***** Input data *****
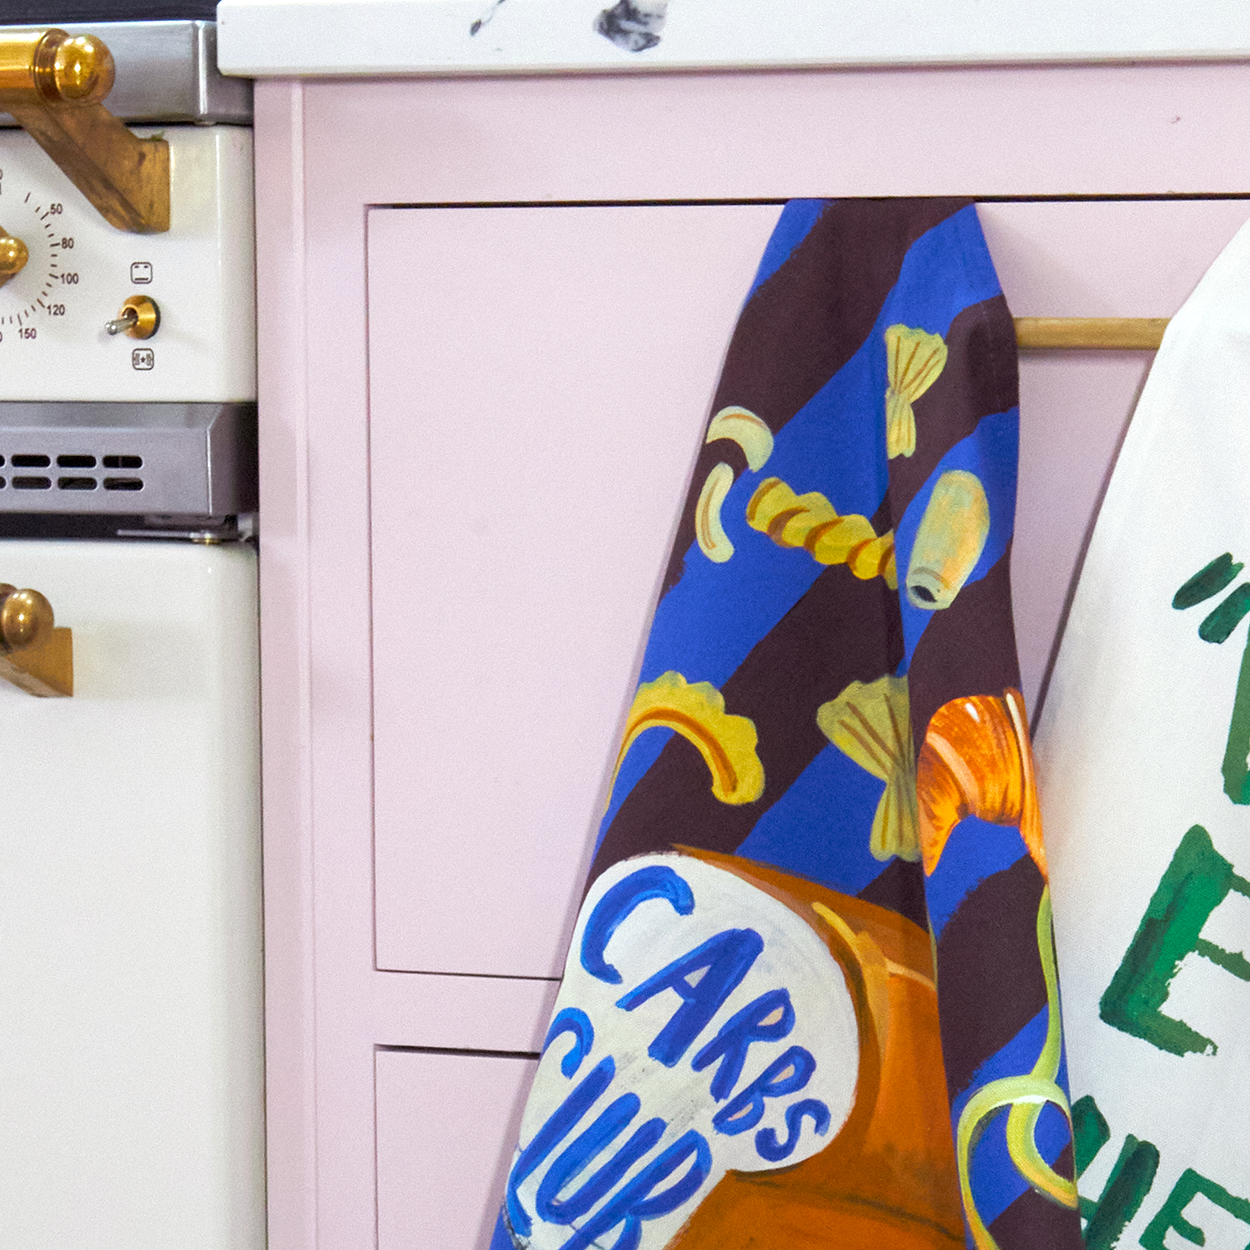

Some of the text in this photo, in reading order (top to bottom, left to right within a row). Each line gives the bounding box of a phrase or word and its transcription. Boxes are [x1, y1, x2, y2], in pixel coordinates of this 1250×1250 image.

[50, 203, 63, 215] 50
[61, 237, 74, 249] 80
[60, 273, 79, 285] 100
[47, 304, 65, 316] 120
[18, 328, 37, 340] 150
[580, 864, 832, 1163] CARBS
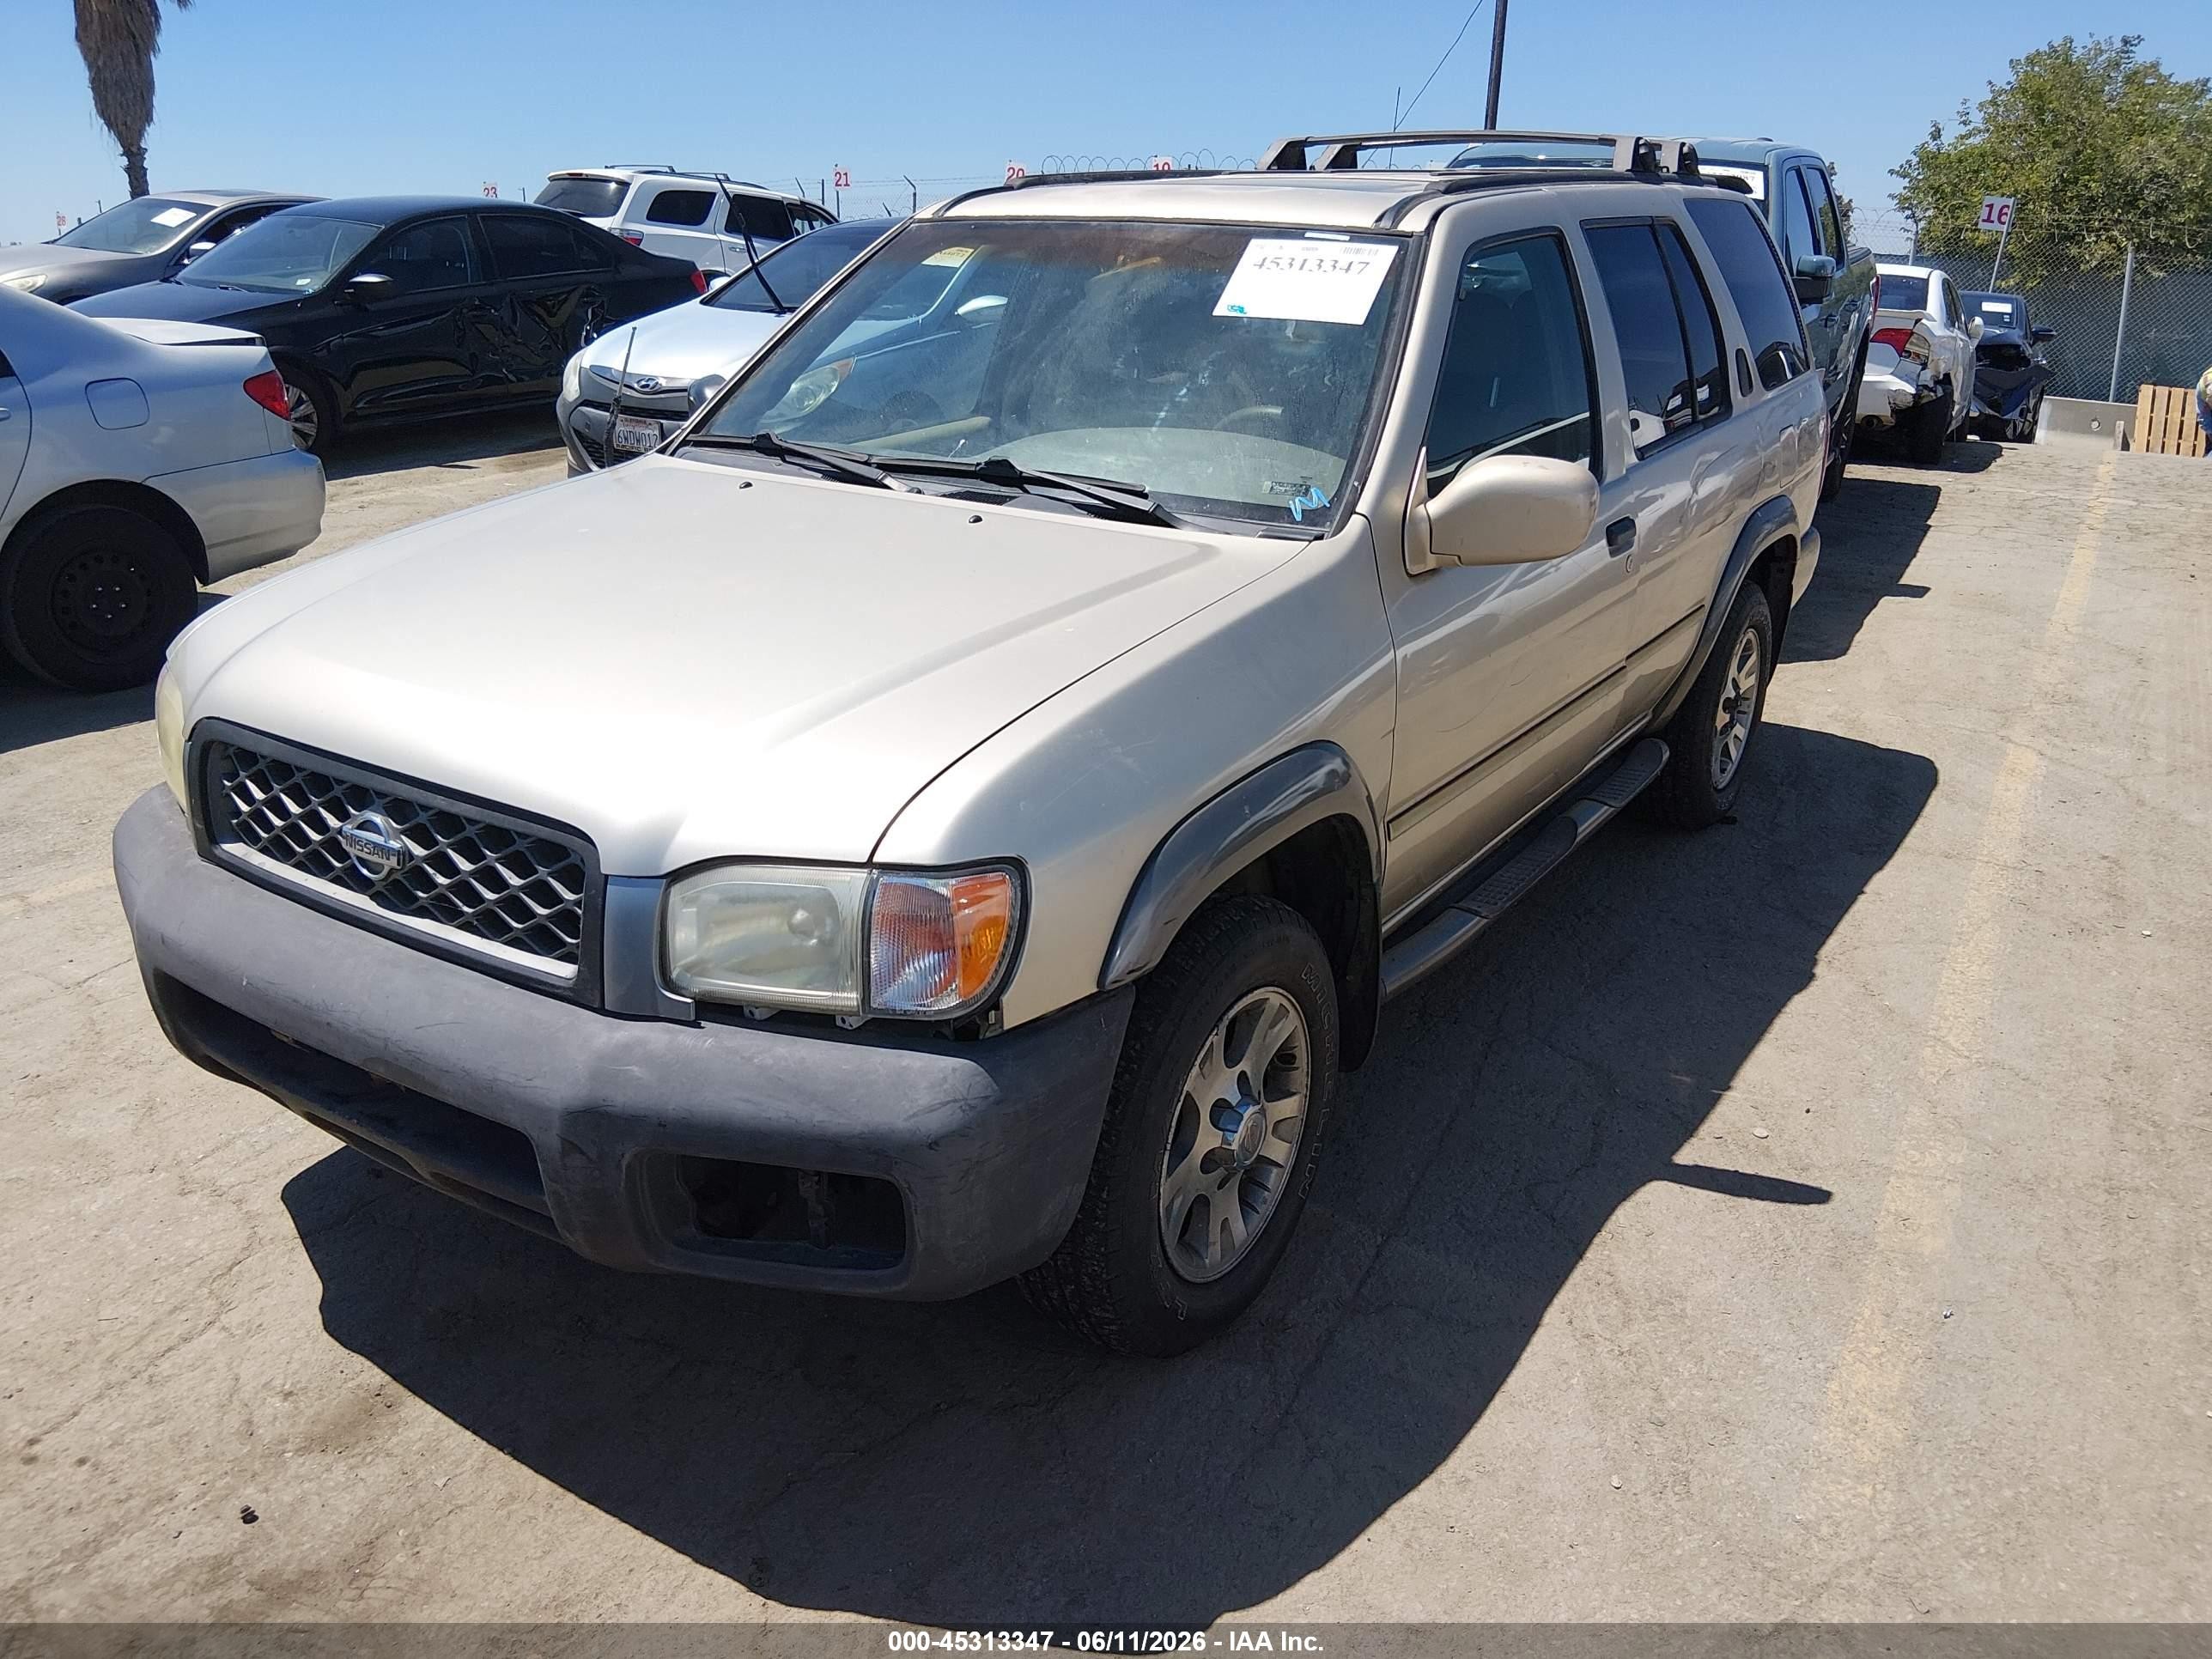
*****
* Task to complete
Write out all the records exactly, omitting the images.

* Answer for this exercise
Some of the text in this photo, in reading order (top to bottom, left to right within a row). Each line gives the bounding box of a phrase or word and its transcription. Boxes are [x1, y1, x2, y2], in pixel coordinates of this 1250×1250 image.

[50, 203, 63, 215] 50
[61, 237, 74, 249] 80
[60, 273, 79, 285] 100
[47, 304, 65, 316] 120
[18, 328, 37, 340] 150
[580, 864, 832, 1163] CARBS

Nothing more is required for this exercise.